═════ Data for analysis ═════

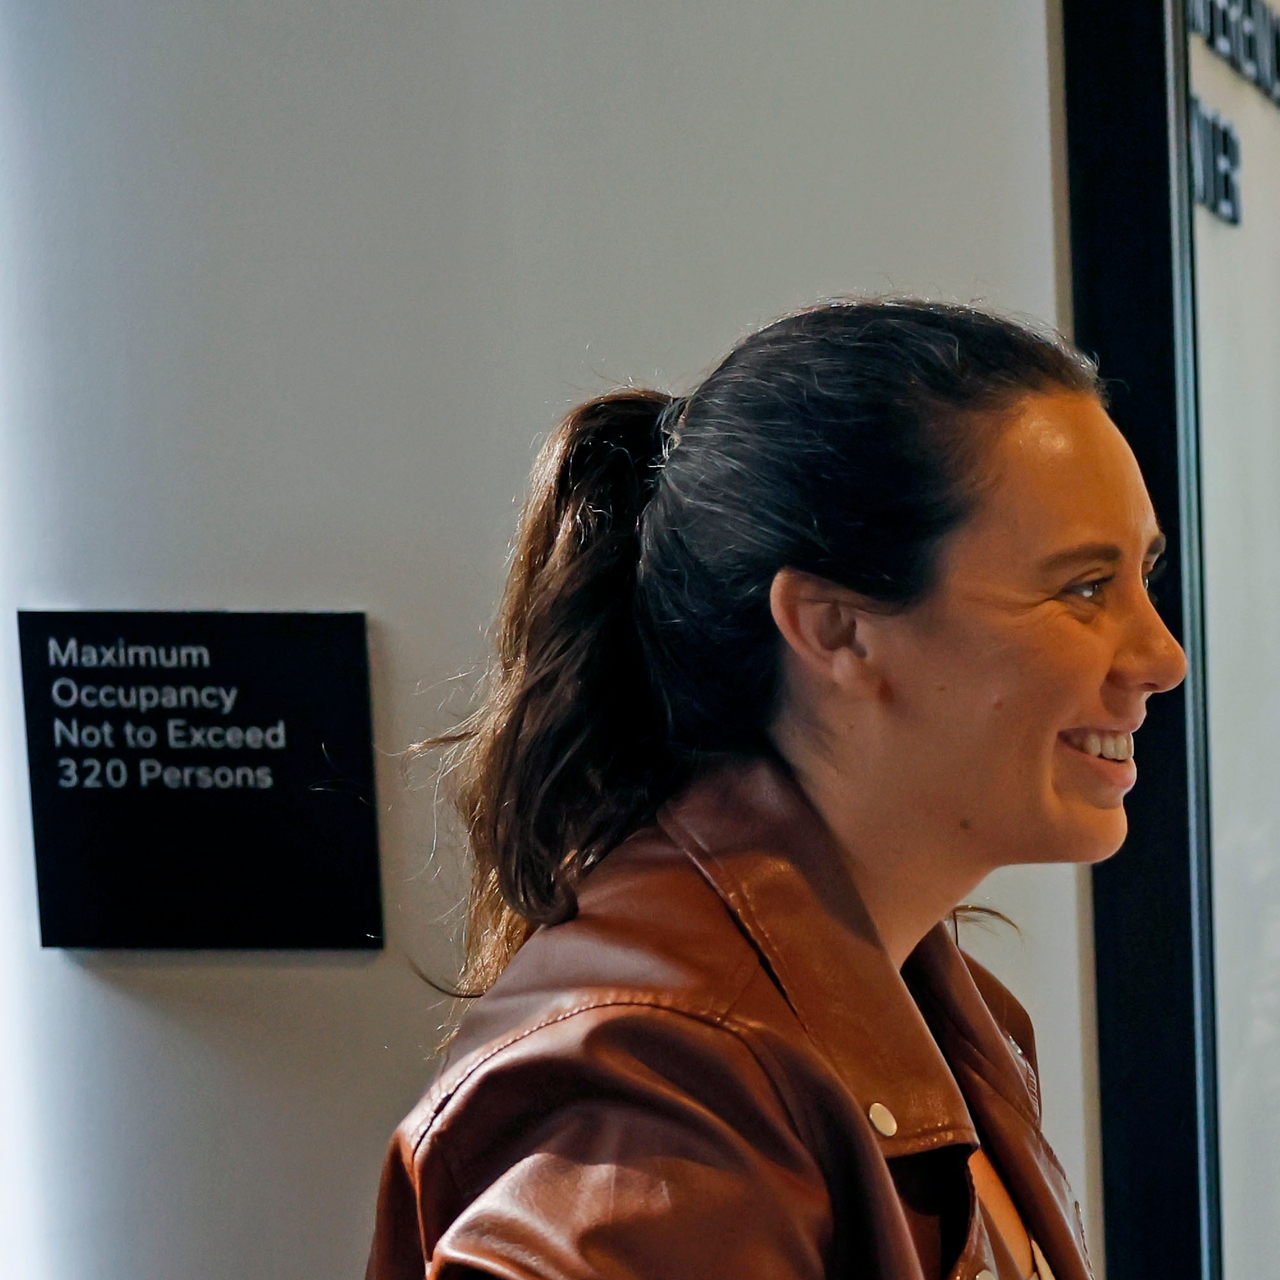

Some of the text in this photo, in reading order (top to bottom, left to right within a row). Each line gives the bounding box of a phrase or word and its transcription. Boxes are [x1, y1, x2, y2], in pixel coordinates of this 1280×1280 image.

[48, 637, 210, 667] Maximum
[51, 677, 238, 713] Occupancy
[53, 718, 287, 749] Not to Exceed
[57, 758, 272, 789] 320 Persons
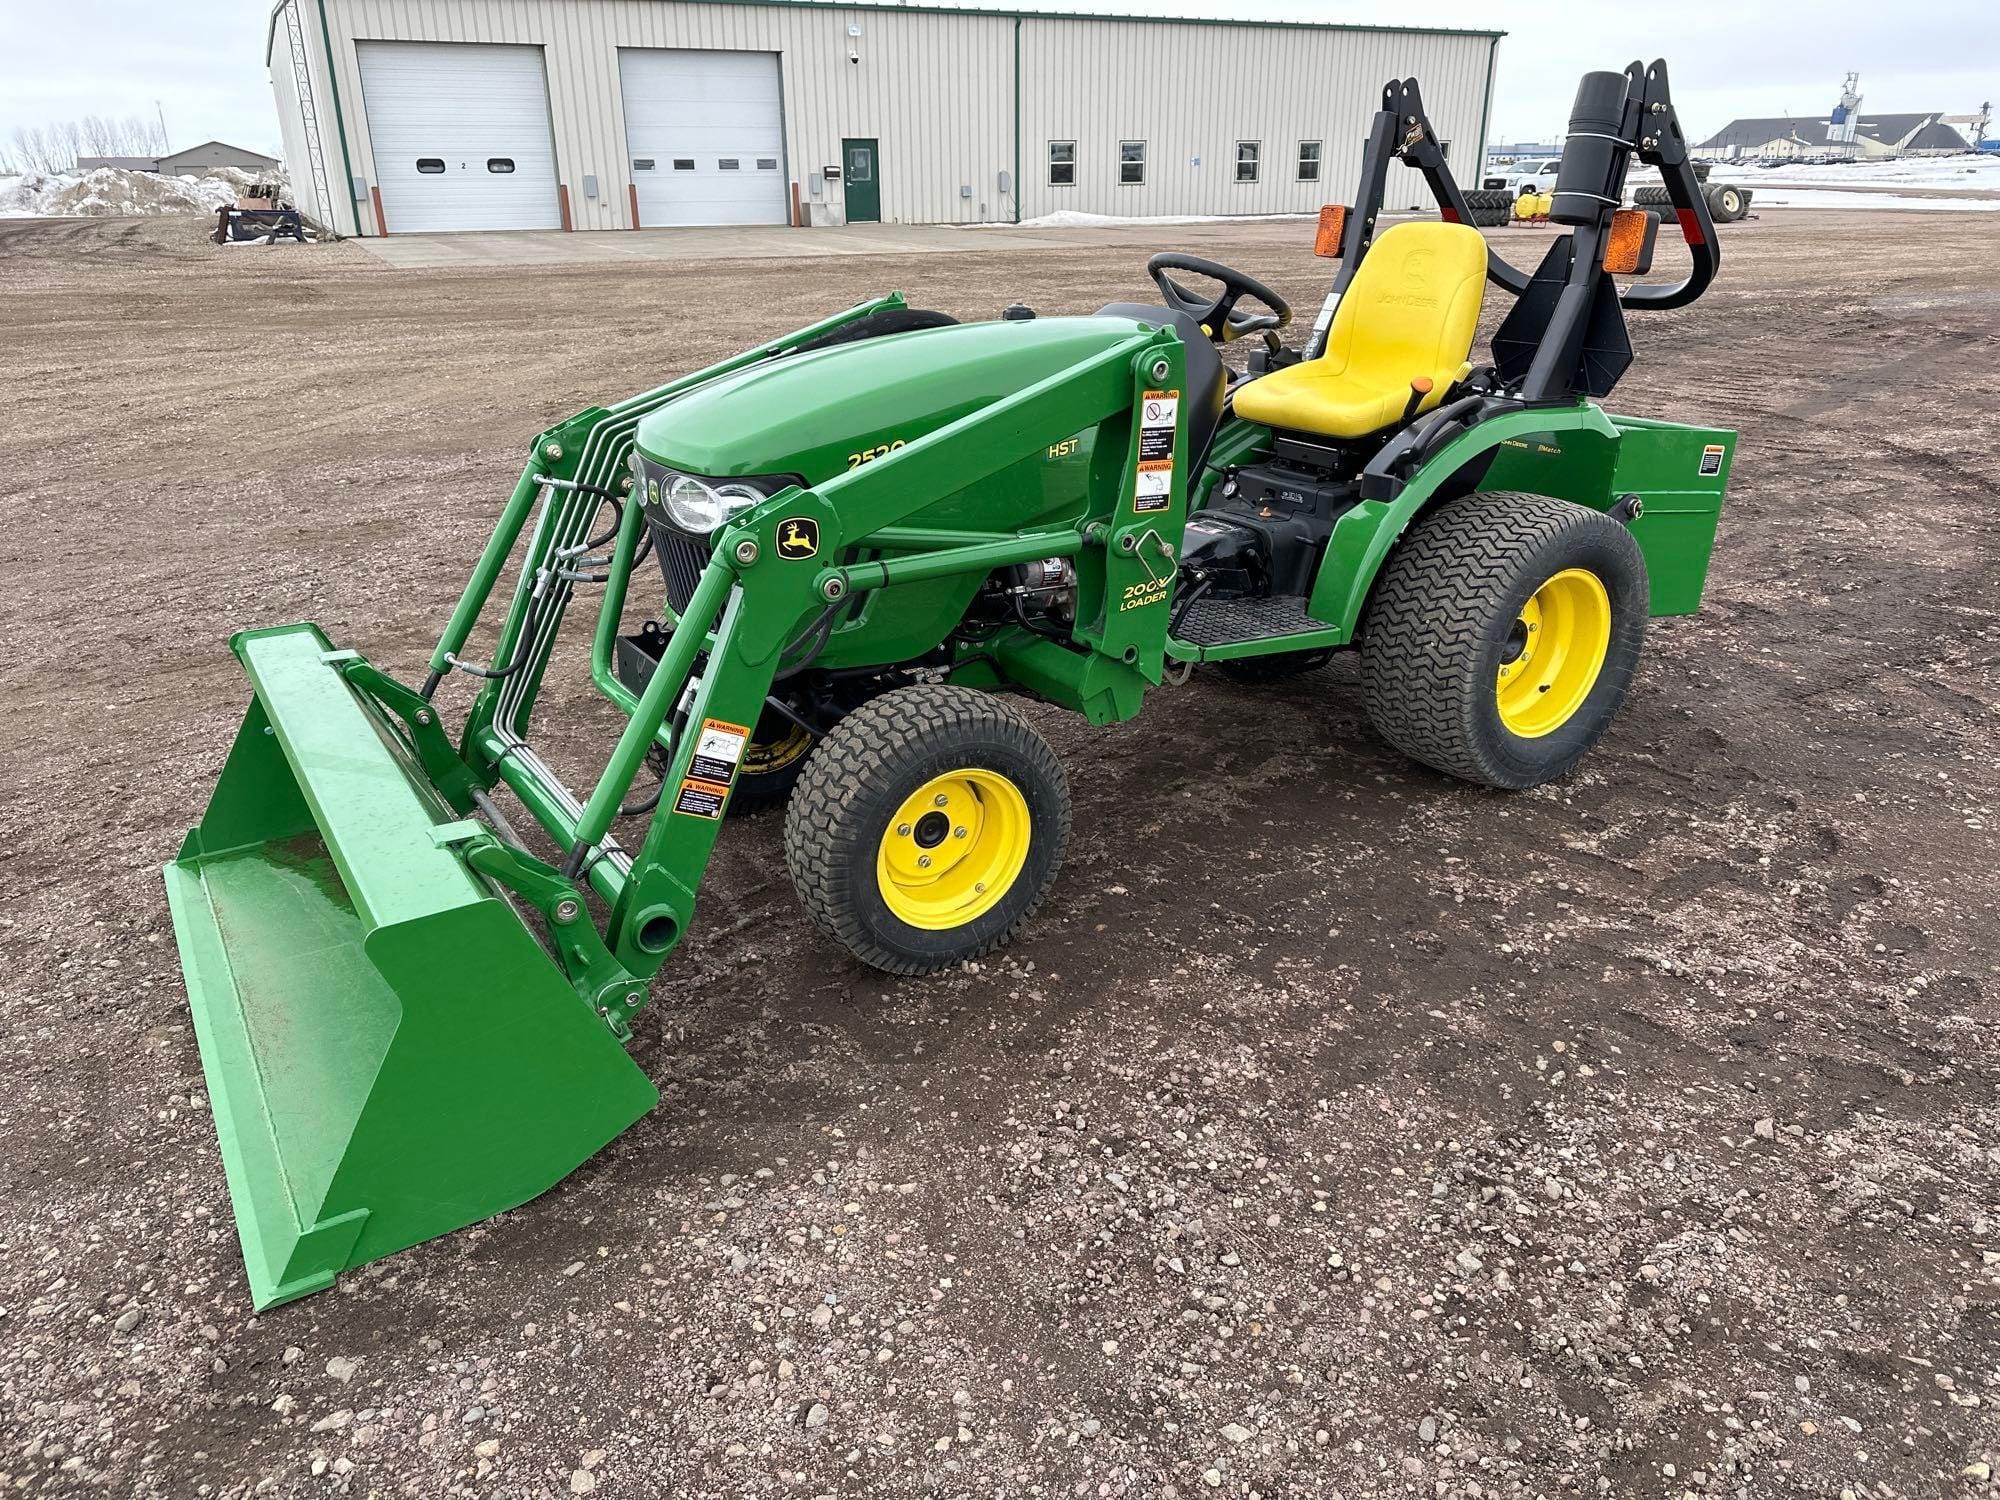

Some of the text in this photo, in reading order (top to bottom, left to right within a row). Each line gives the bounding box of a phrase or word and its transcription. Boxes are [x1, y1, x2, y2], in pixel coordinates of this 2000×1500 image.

[461, 162, 467, 170] 2
[1150, 391, 1178, 400] WARNING
[1048, 439, 1078, 458] HST
[1144, 463, 1172, 472] WARNING
[1120, 590, 1167, 611] LOADER
[716, 723, 745, 735] WARNING
[695, 784, 724, 795] WARNING
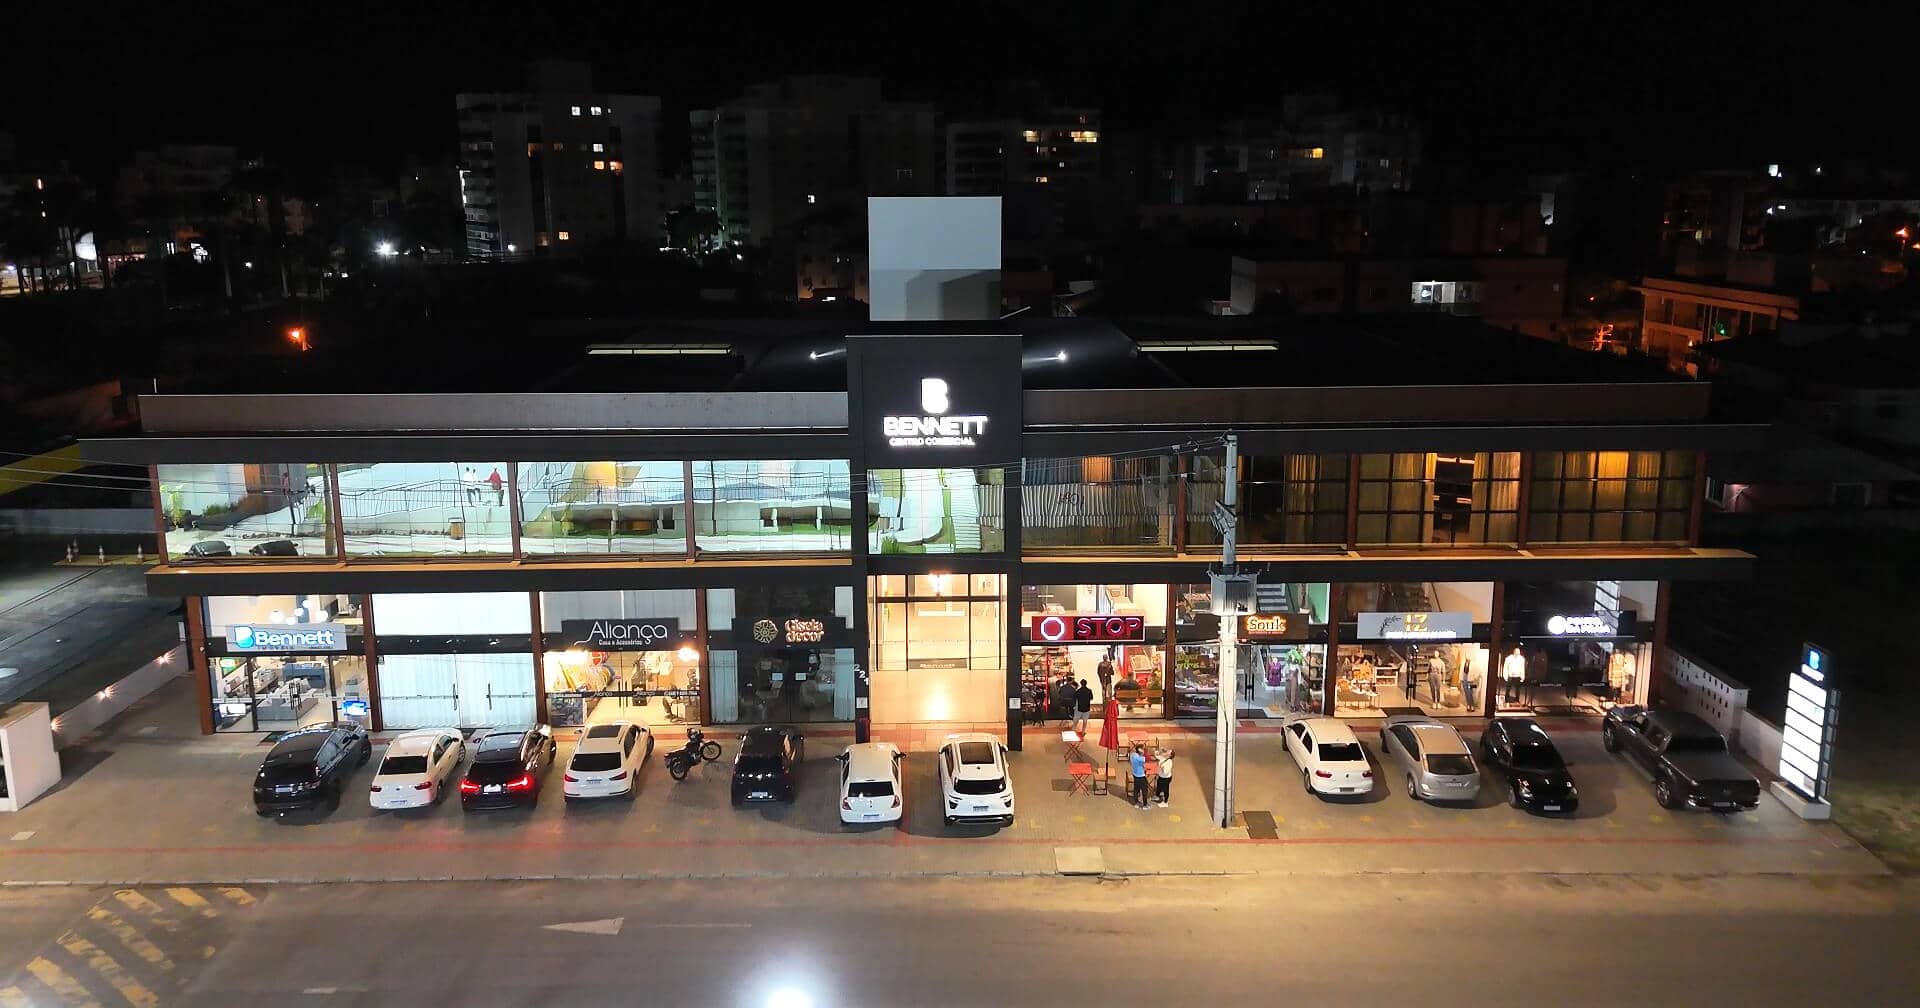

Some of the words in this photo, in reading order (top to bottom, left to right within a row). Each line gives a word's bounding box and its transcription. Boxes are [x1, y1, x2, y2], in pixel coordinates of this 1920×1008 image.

[883, 415, 988, 436] BENNETT
[785, 618, 823, 632] Gisela
[1076, 617, 1141, 638] STOP
[1247, 616, 1286, 632] Souk
[255, 630, 336, 646] Bennett
[576, 620, 668, 645] Aliança
[785, 631, 825, 642] decor

═════

**Task objective:** Each line from the one containing "this 2000×1500 image." down to the final line of the records above must be reproduced exactly; no pictures go into the copy.

**Solution below:**
Some of the text in this photo, in reading order (top to bottom, left to right within a row). Each line gives the bounding box of a phrase or word and its transcription. Boxes are [x1, y1, x2, y2], in pixel coordinates of this 2000×1500 image.

[461, 162, 467, 170] 2
[1150, 391, 1178, 400] WARNING
[1048, 439, 1078, 458] HST
[1144, 463, 1172, 472] WARNING
[1120, 590, 1167, 611] LOADER
[716, 723, 745, 735] WARNING
[695, 784, 724, 795] WARNING

Some of the words in this photo, in reading order (top to bottom, left to right within a row). Each line gives a word's bounding box and its transcription. Boxes are [x1, y1, x2, y2], in pixel coordinates of this 1920×1008 image.

[883, 415, 988, 436] BENNETT
[785, 618, 823, 632] Gisela
[1076, 617, 1141, 638] STOP
[1247, 616, 1286, 632] Souk
[255, 630, 336, 646] Bennett
[576, 620, 668, 645] Aliança
[785, 631, 825, 642] decor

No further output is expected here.